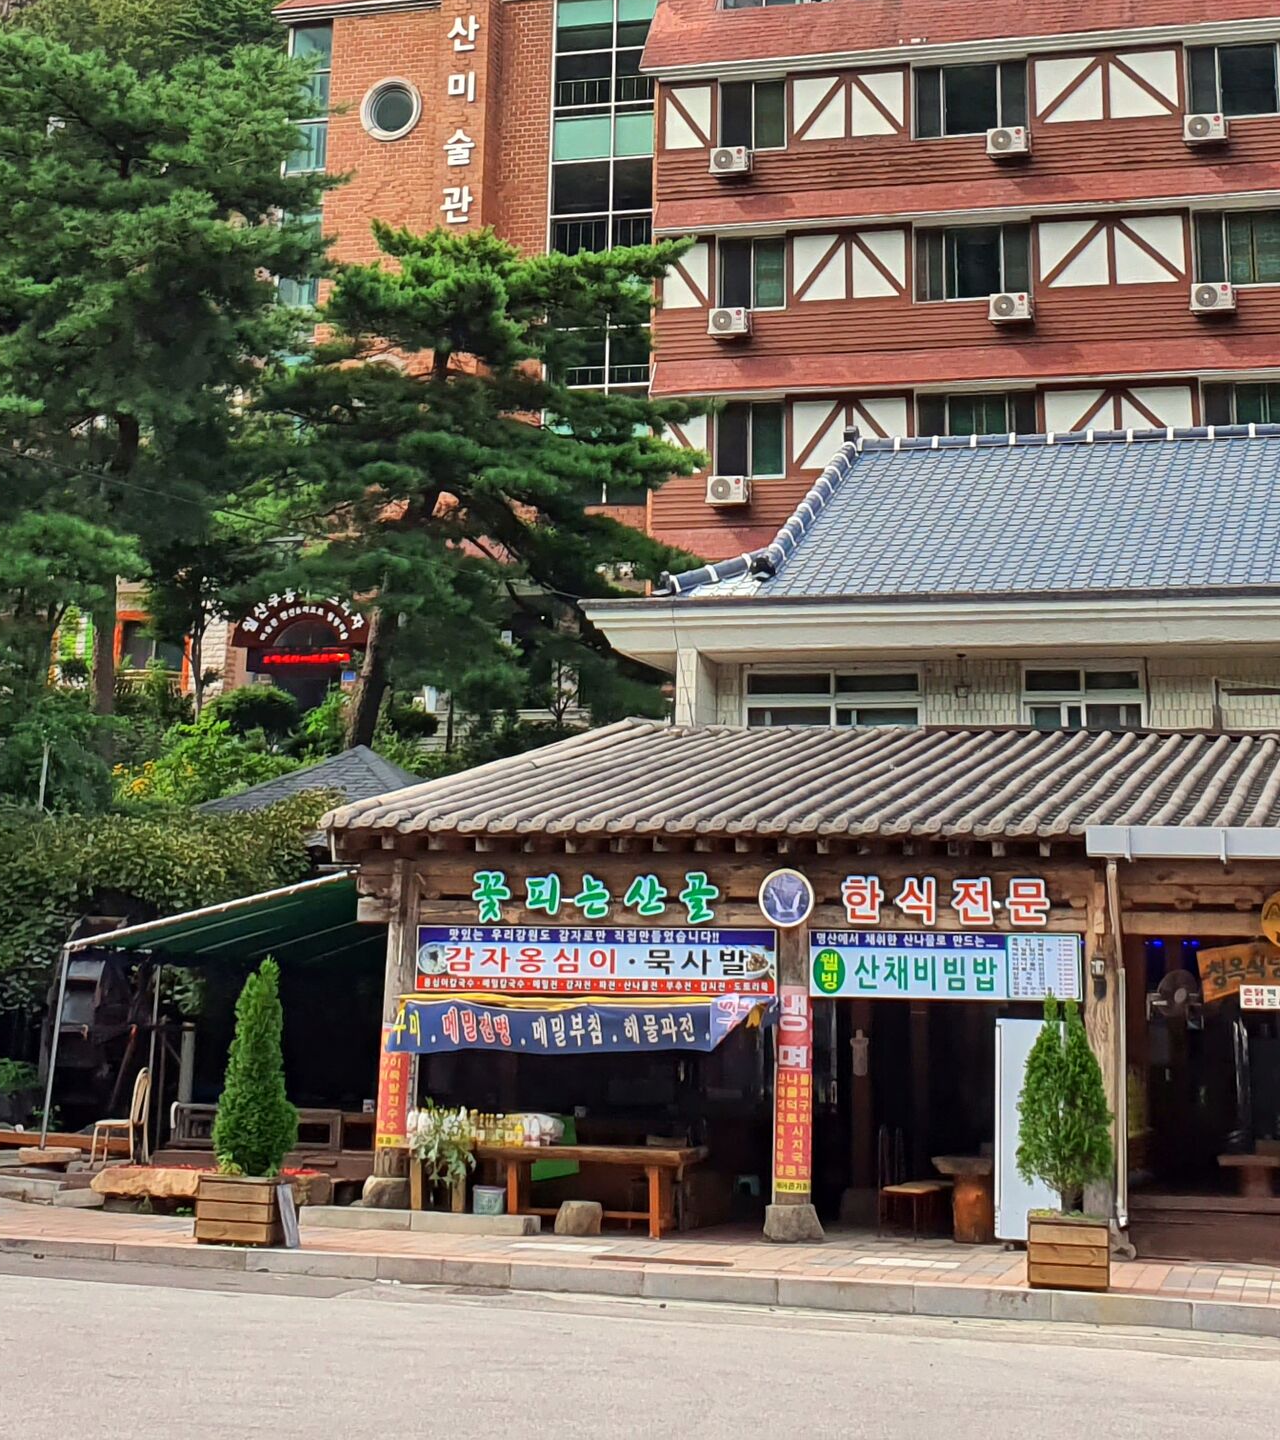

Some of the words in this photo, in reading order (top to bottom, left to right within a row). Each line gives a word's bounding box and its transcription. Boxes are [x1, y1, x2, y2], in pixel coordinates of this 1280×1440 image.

[449, 928, 484, 941] 맛있는
[491, 928, 551, 941] 우리강원도
[559, 929, 607, 942] 감자로만
[816, 932, 859, 946] 명산에서
[865, 933, 898, 946] 채취한
[903, 933, 947, 947] 산나물로
[644, 948, 749, 976] 묵사발
[854, 955, 998, 991] 산채비빔밥
[441, 1006, 512, 1046] 메밀전병
[532, 1012, 603, 1048] 메밀부침
[623, 1012, 696, 1045] 해물파전
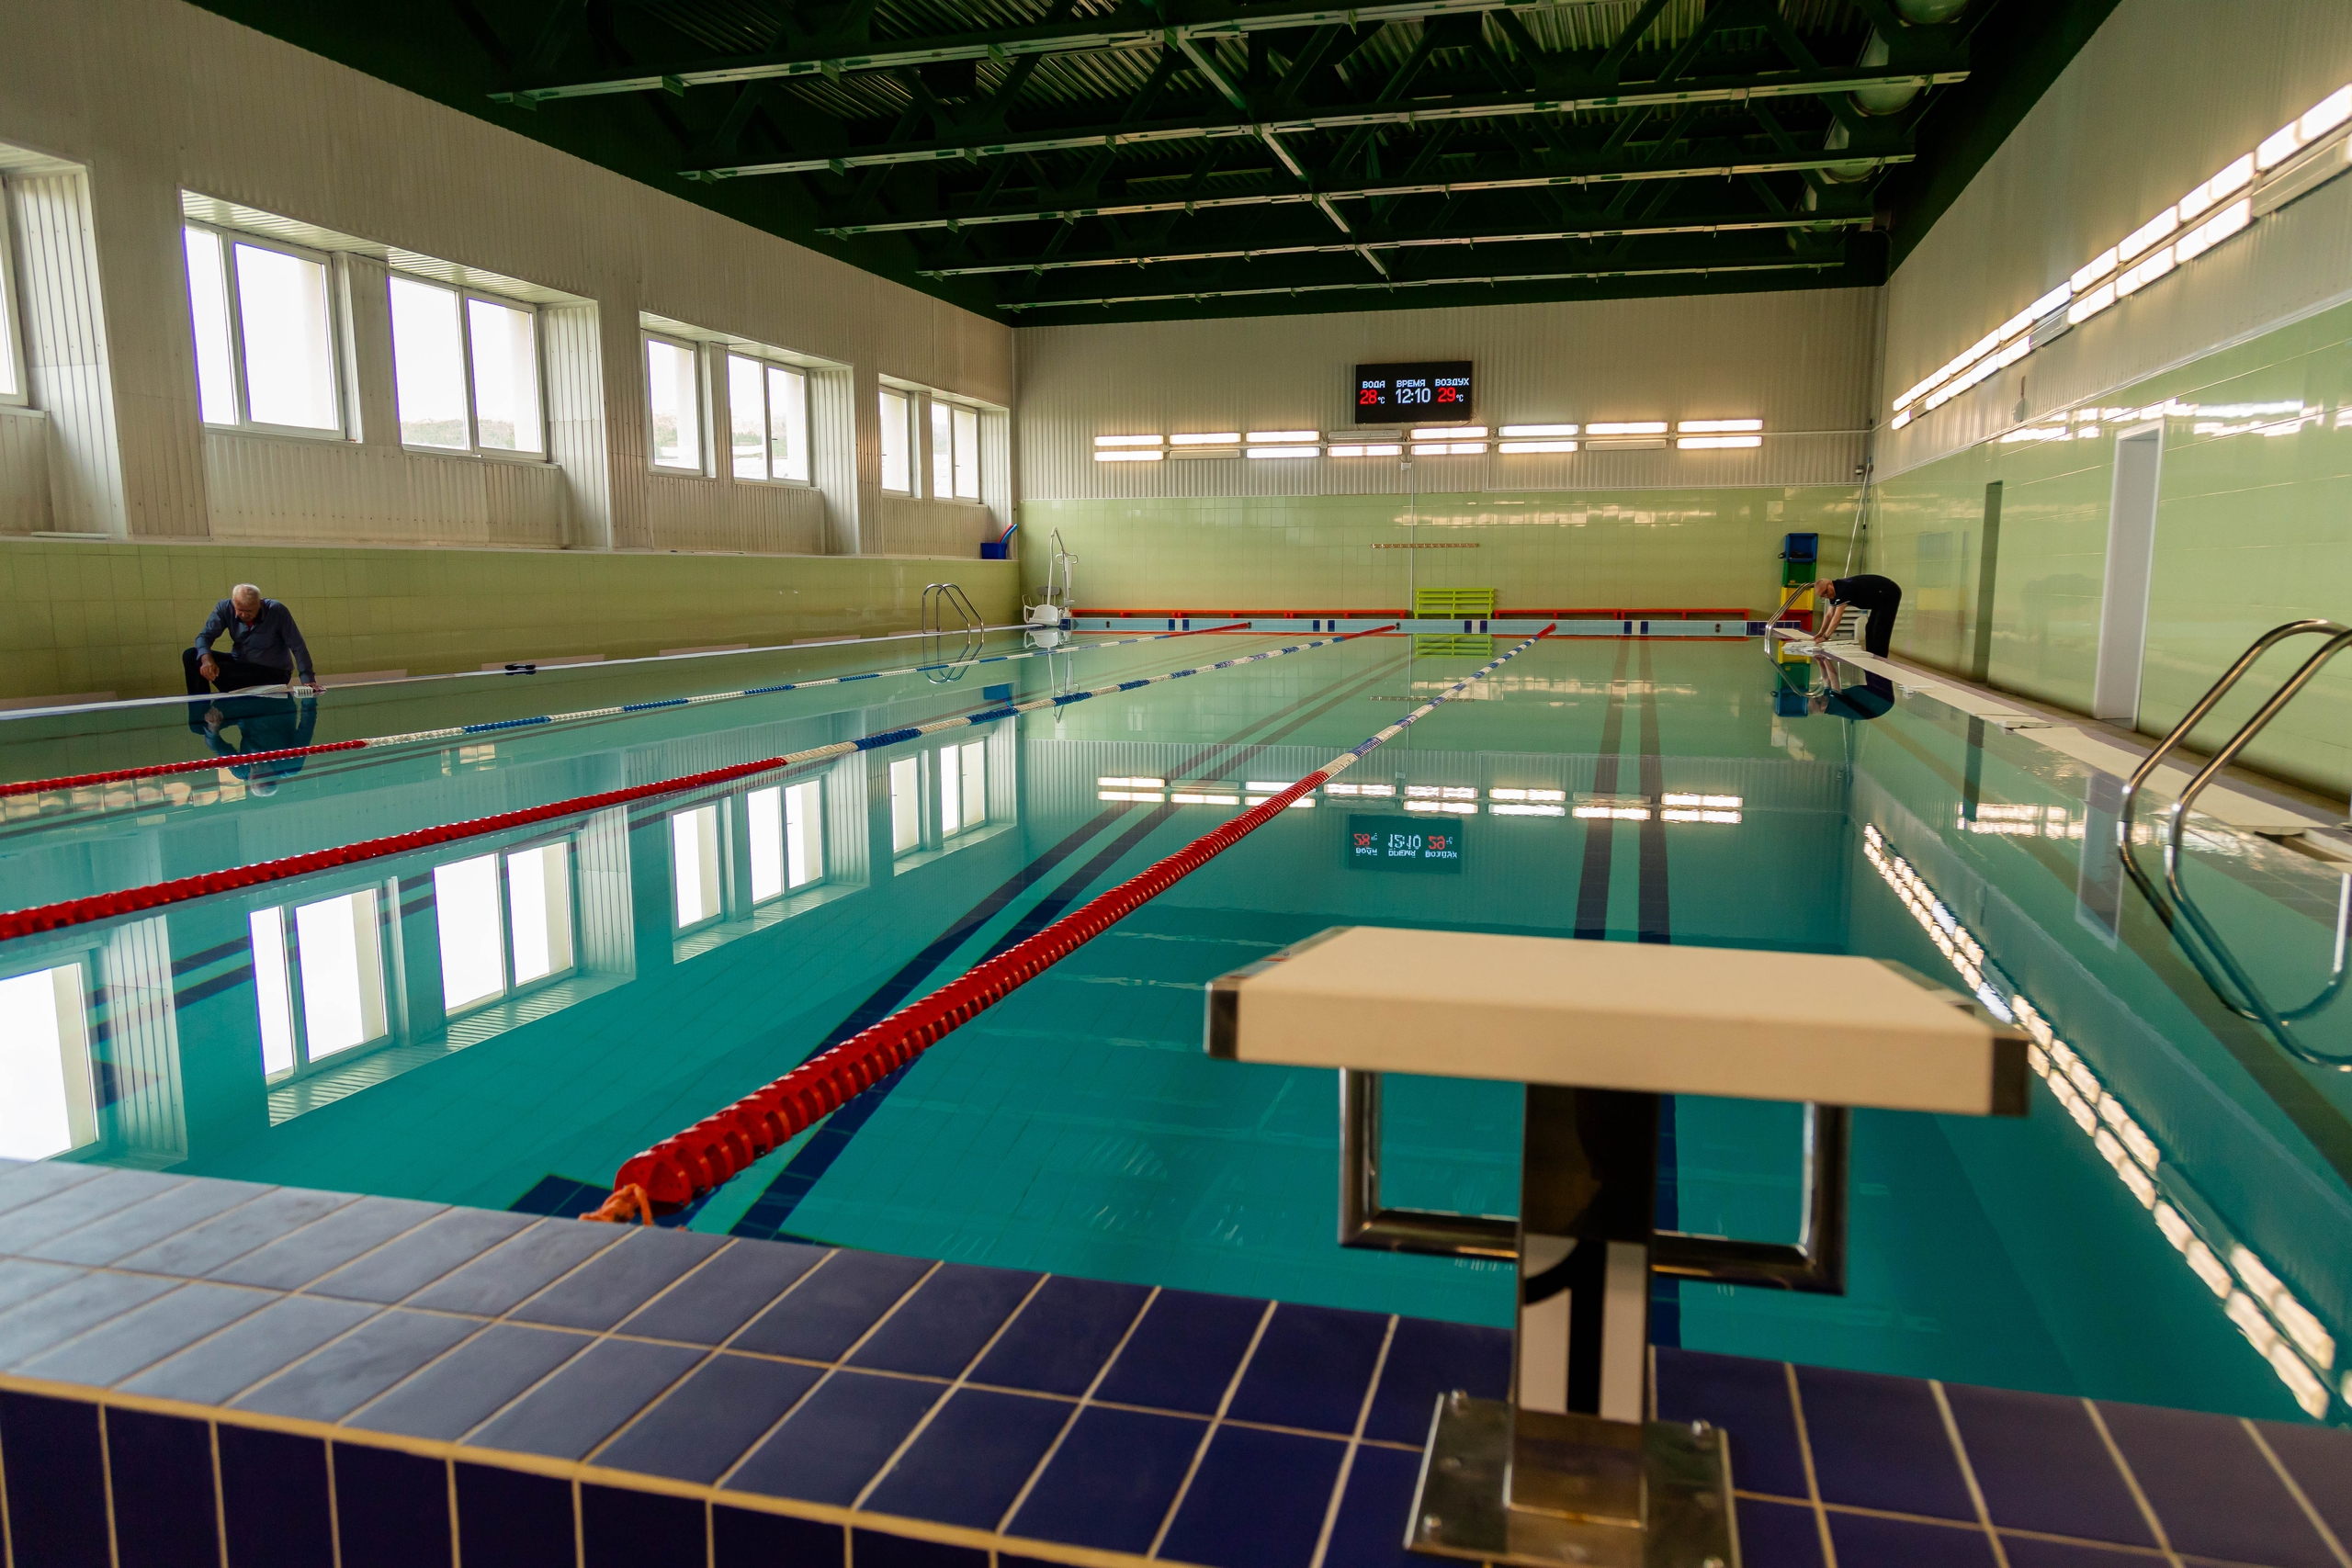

_PROBLEM TO WORK ON_
All of the entries above should be retyped exactly, with the pictures left out.

_SOLUTION_
Some of the words in this photo, in reading order (top to bottom, left to right within a row). Each line gives a word's bounding box and its transcription. Boxes are [x1, y1, x2, y2], in pixel coordinates of this 1280×1440 image.

[449, 928, 484, 941] 맛있는
[491, 928, 551, 941] 우리강원도
[559, 929, 607, 942] 감자로만
[816, 932, 859, 946] 명산에서
[865, 933, 898, 946] 채취한
[903, 933, 947, 947] 산나물로
[644, 948, 749, 976] 묵사발
[854, 955, 998, 991] 산채비빔밥
[441, 1006, 512, 1046] 메밀전병
[532, 1012, 603, 1048] 메밀부침
[623, 1012, 696, 1045] 해물파전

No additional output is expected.